3D-Layout-R1: Structured Reasoning for Language-Instructed Spatial Editing
Large Language Models (LLMs) and Vision Language Models (VLMs) have shown impressive reasoning abilities, yet they struggle with spatial understanding and layout consistency when performing fine-grained visual editing. We introduce a Structured Reasoning framework that performs text-conditioned spatial layout editing via scene-graph reasoning. Given an input scene graph and a natural-language instruction, the model reasons over the graph to generate an updated scene graph that satisfies the text condition while maintaining spatial coherence. By explicitly guiding the reasoning process through structured relational representations, our approach improves both interpretability and control over spatial relationships. We evaluate our method on a new text-guided layout editing benchmark encompassing sorting, spatial alignment, and room-editing tasks. Our training paradigm yields an average 15% improvement in IoU and 25% reduction in center-distance error compared to Chain of Thought Fine-tuning (CoT-SFT) and vanilla GRPO baselines. Compared to SOTA zero-shot LLMs, our best models achieve up to 20% higher mIoU, demonstrating markedly improved spatial precision.

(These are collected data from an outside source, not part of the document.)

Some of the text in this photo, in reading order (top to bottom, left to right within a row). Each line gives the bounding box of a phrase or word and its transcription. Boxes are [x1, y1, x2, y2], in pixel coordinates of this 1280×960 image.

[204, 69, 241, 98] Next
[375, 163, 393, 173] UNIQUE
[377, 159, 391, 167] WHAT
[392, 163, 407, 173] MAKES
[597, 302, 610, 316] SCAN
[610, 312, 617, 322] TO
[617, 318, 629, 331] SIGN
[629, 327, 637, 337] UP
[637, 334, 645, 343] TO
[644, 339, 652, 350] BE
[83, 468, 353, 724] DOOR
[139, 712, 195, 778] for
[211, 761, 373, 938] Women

Egocentric Co-Pilot: Web-Native Smart-Glasses Agents for Assistive Egocentric AI
What if accessing the web did not require a screen, a stable desk, or even free hands? For people navigating crowded cities, living with low vision, or experiencing cognitive overload, smart glasses coupled with AI agents could turn the web into an always-on assistive layer over daily life. We present Egocentric Co-Pilot, a web-native neuro-symbolic framework that runs on smart glasses and uses a Large Language Model (LLM) to orchestrate a toolbox of perception, reasoning, and web tools. An egocentric reasoning core combines Temporal Chain-of-Thought with Hierarchical Context Compression to support long-horizon question answering and decision support over continuous first-person video, far beyond a single model's context window. Additionally, a lightweight multimodal intent layer maps noisy speech and gaze into structured commands. We further implement and evaluate a cloud-native WebRTC pipeline integrating streaming speech, video, and control messages into a unified channel for smart glasses and browsers. In parallel, we deploy an on-premise WebSocket baseline, exposing concrete trade-offs between local inference and cloud offloading in terms of latency, mobility, and resource use. Experiments on Egolife and HD-EPIC demonstrate competitive or state-of-the-art egocentric QA performance, and a human-in-the-loop study on smart glasses shows higher task completion and user satisfaction than leading commercial baselines. Taken together, these results indicate that web-connected egocentric co-pilots can be a practical path toward more accessible, context-aware assistance in everyday life. By grounding operation in web-native communication primitives and modular, auditable tool use, Egocentric Co-Pilot offers a concrete blueprint for assistive, always-on web agents that support education, accessibility, and social inclusion for people who may benefit most from contextual, egocentric AI.